I think I'm Done

I can’t keeping buying these companies. I discovered this board in the summer of last year. During the fall I started to slowly add to the companies discussed here. I eventually bought all in and sold my 10 years of S&P500 shares I held in my ROTH IRA. I slowly moved all that money into a concentrated portfolio used by many here.

I ran out of those funds in Feb. All my new money in my brokerage account has been going to these companies as I continue to catch a falling knife. My father passed away in February and left me a decent sum of money. I added a substantial amount of that money he left me to these companies that have been beaten down the past 6 months. I used to think this was an opportunity of a lifetime, now I’m wishing I never discover this baord. It doesn’t seem to matter what these companies report, they just keep falling in share price.

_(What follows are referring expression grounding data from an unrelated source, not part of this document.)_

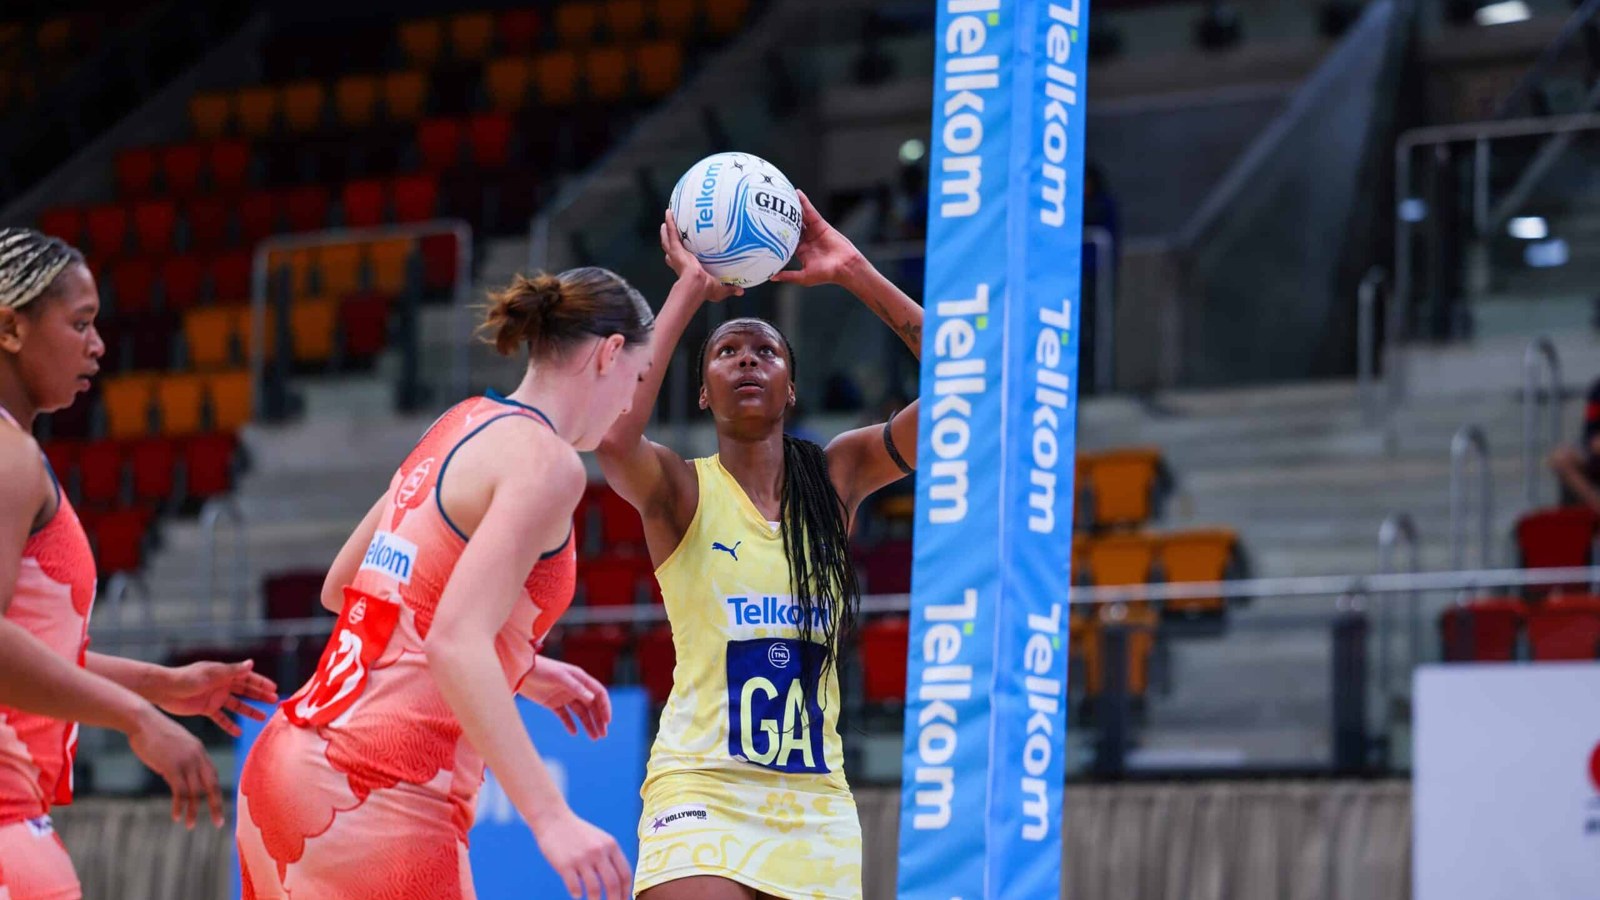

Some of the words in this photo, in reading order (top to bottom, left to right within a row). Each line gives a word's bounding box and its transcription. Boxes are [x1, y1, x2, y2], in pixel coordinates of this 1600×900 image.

[695, 161, 723, 234] Telkom
[1040, 0, 1080, 228] Telkom
[929, 283, 990, 524] Telkom
[1028, 299, 1071, 534] Telkom
[365, 534, 410, 578] elkom
[665, 810, 707, 824] HOLLYWOOD
[740, 676, 816, 768] GA
[913, 588, 978, 830] Telkom
[1021, 603, 1061, 841] Telkom

Datadog and Cloudflare had what appear to be pretty good earnings and are still getting slaughtered. There have been other panic posts and people have seemingly qualmed those fears. I don’t recall a time in Saul’s history where he has been down this much. One of the main reasons I decided to go in this direction is over his investing history, the worst down years of the S&p500, Saul still did better.

I don’t see any way that happens this year. That might be fine for him, since he was up over 200% in 2020.But for people like me,losing this amount of money has come with tons of anxiety to a very chill guy. So instead of adopting this investing style hoping to retire a few years early, it’s now looking like I’ll be retiring a few years late. Luckily in still only 33 and hope things turn around.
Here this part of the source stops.